When a solution is submitted, we use axe-core to run an automated audit of your code.

This picks out common accessibility issues like not using semantic HTML and not having proper heading hierarchies, among others.

This automated audit is fairly surface level, so we encourage to you review the project and code in more detail with accessibility best practices in mind.

How does the CSS report work?

When a solution is submitted, we use stylelint to run an automated check on the CSS code.

We've added some of our own linting rules based on recommended best practices. These rules are prefixed with frontend-mentor/ which you'll see at the top of each issue in the report.

The report will audit all CSS, SCSS and Less files in your repository.

How does the HTML validation report work?

When a solution is submitted, we use html-validate to run an automated check on the HTML code.

The report picks out common HTML issues such as not using headings within section elements and incorrect nesting of elements, among others.

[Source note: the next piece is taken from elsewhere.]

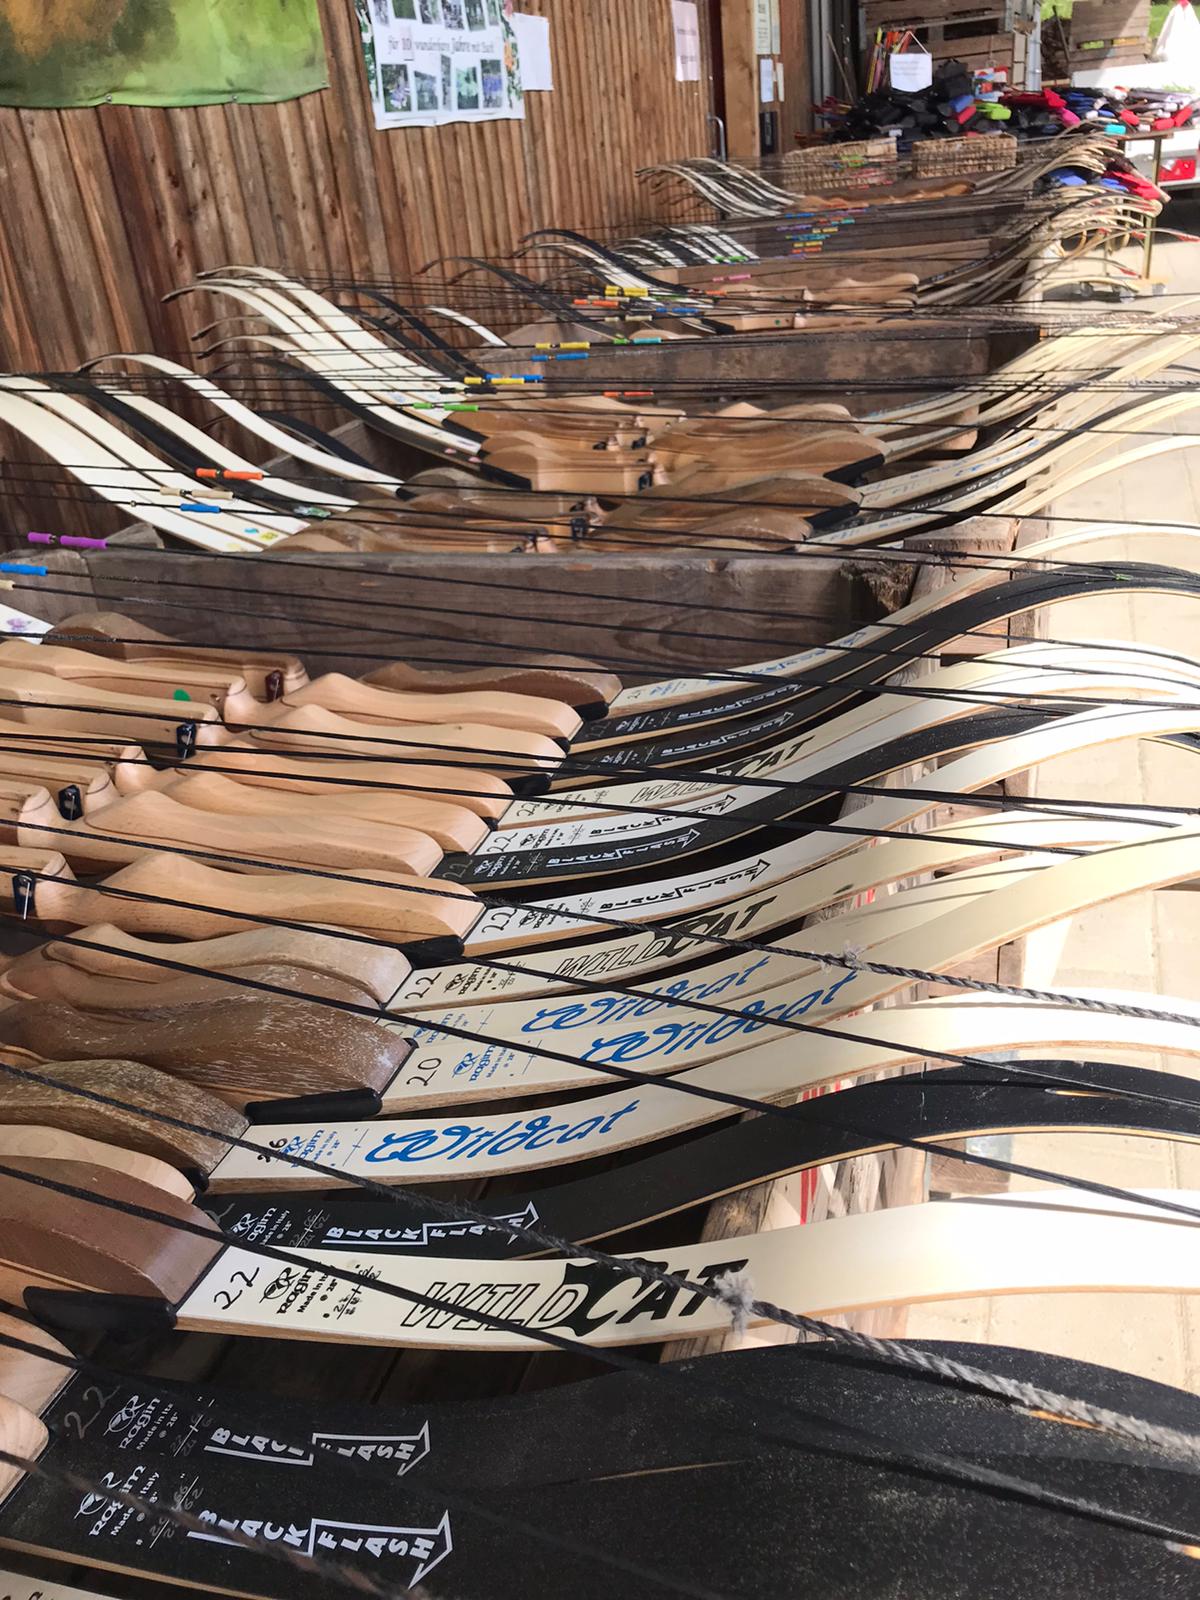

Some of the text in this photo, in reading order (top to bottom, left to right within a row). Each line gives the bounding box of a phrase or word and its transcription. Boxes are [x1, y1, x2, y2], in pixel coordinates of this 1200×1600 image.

Note that the report can pick up “invalid” attributes, which some frameworks automatically add to the HTML. These attributes are crucial for how the frameworks function, although they’re technically not valid HTML. As such, some projects can show up with many HTML validation errors, which are benign and are a necessary part of the framework.

How does the JavaScript validation report work?

When a solution is submitted, we use eslint to run an automated check on the JavaScript code.

The report picks out common JavaScript issues such as not using semicolons and using var instead of let or const, among others.

The report will audit all JS and JSX files in your repository. We currently do not support Typescript or other frontend frameworks.